Revista de Saúde Pública
Print version ISSN 0034-8910
FRANCA JUNIOR, Ivan; CALAZANS, Gabriela; ZUCCHI, Eliana Miura and GRUPO DE ESTUDOS EM POPULACAO, SEXUALIDADE E AIDS. Changes in HIV testing in Brazil between 1998 and 2005. Rev. Saúde Pública [online]. 2008, vol.42, suppl.1, pp. 84-97. ISSN 0034-8910. http://dx.doi.org/10.1590/S0034-89102008000800011.

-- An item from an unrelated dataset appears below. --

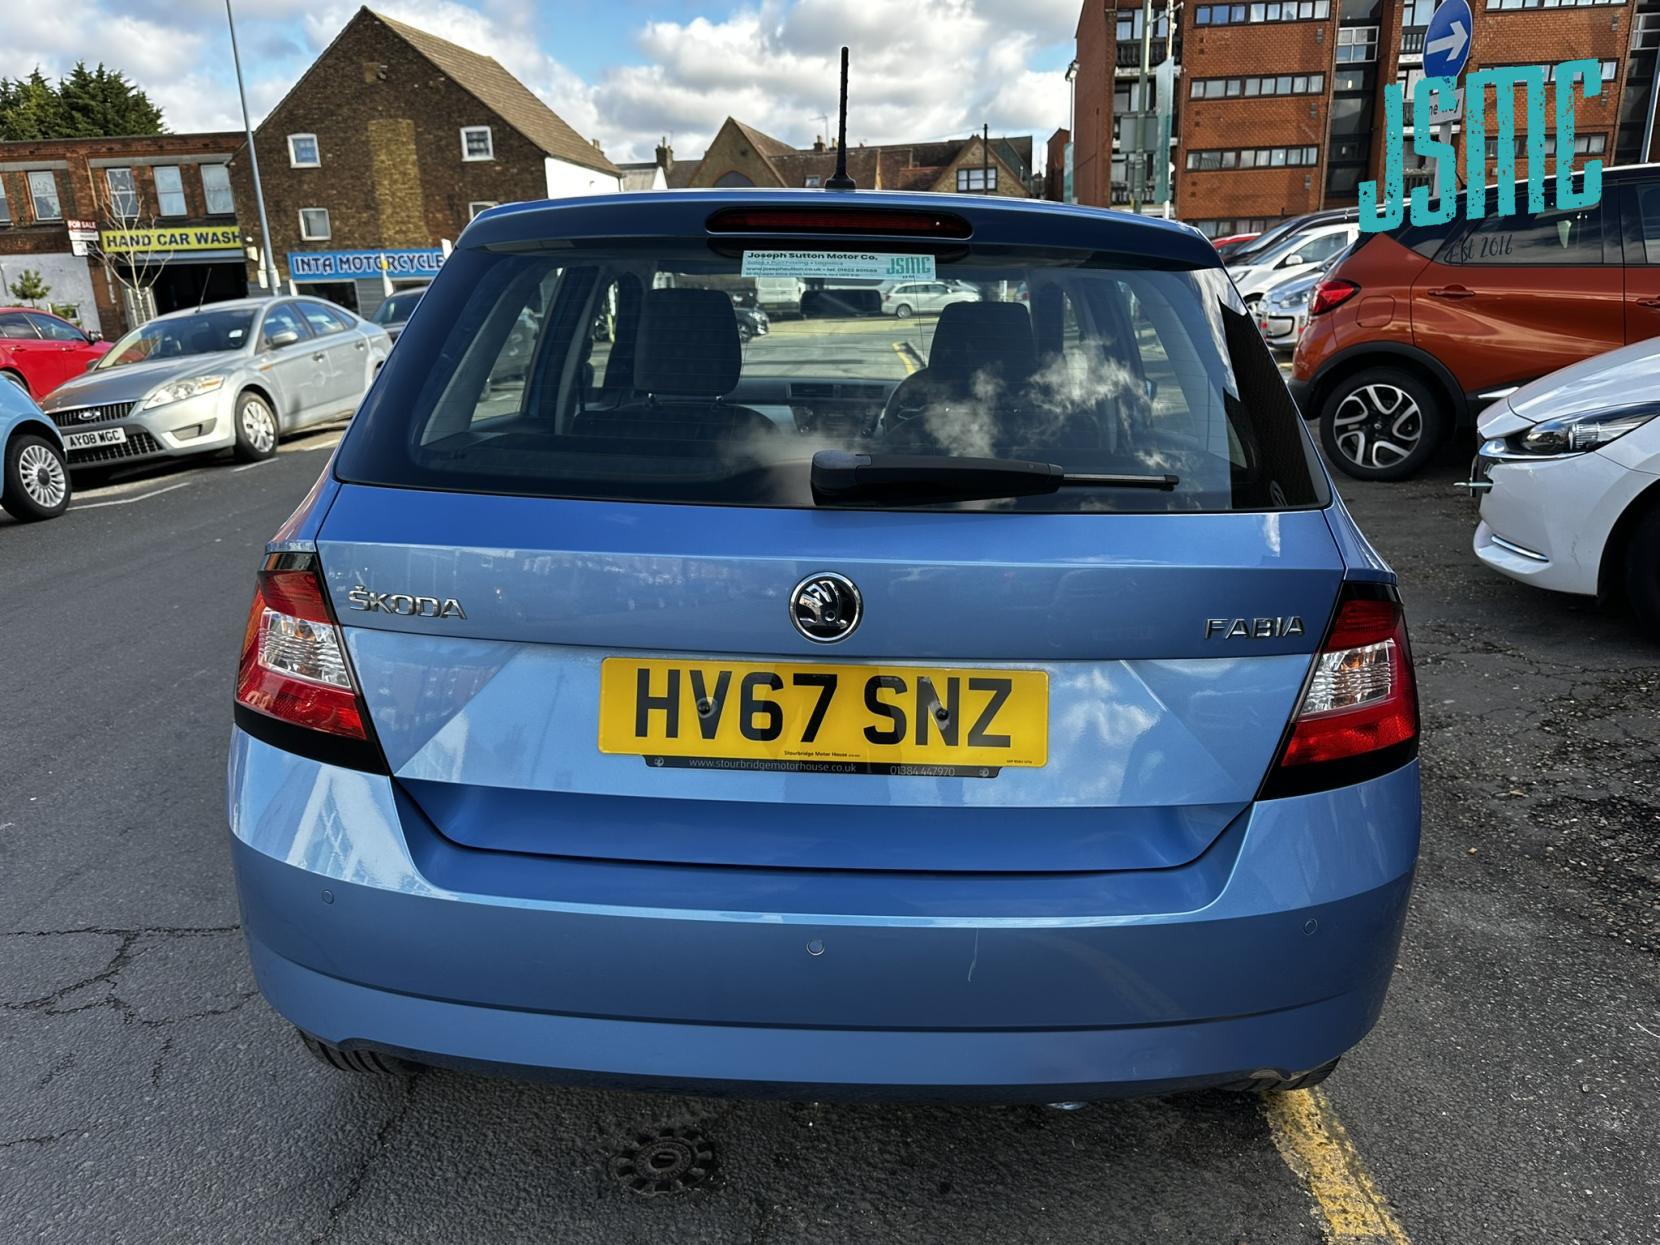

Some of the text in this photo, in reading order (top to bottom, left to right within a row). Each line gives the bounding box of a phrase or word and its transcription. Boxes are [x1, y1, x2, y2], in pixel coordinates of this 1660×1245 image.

OBJECTIVE: To analize changes in HIV testing, reasons reported by those who were tested or not and received counseling. METHODS: Cross-sectional studies conducted in both men and women aged 16 to 65 years based on representative samples of urban Brazil in 1998 (n=3,600) and 2005 (n=5,040). Sociodemographic, sexual, reproductive characteristics, life experiences and health data were collected and analyzed. Potential differences in the distribution of variables was analyzed using Pearson's chi-square and design-based F test (±<5%). RESULTS: In 1998 and 2005, 20.2% and 33.6% of interviewees had been tested, respectively. A total of 60% women aged 25-34 years were tested, but those who reported sexual initiation before the age of 16 and four or more sexual partners in the fi ve years prior to the interview were less tested. There was no significant increase in testing among men, except among those aged 55-65 years, per capita income between 1-3 and 5-10 monthly minimum wages, retired, historical Protestant and followers of African-Brazilian religions, living in the North/Northeast region and who reported homosexual/bisexual partners or no sexual relationship in the five years prior to the interview. Testing rates did not increase in those who self-reported as high risk for HIV. Among women, prenatal testing rate increased while work-related testing decreased among men. In 2005, half of those who were tested did not receive any advice before or after testing. CONCLUSIONS: HIV testing scaling up was unequal and was mostly seen among women at childbearing age, adults and those better off. There seems to be an increase in testing rates in Brazil but without regard for people's right to free choice and without offering more widely and better quality counseling.
Keywords : Acquired Immunodeficiency Syndrome [diagnosis]; HIV; Socioeconomic Factors; Health Knowledge [Attitudes, Practice]; Health Inequalities; Cross-Sectional Studies; Population Studies in Public Health; Brazil; Cross-sectional studies.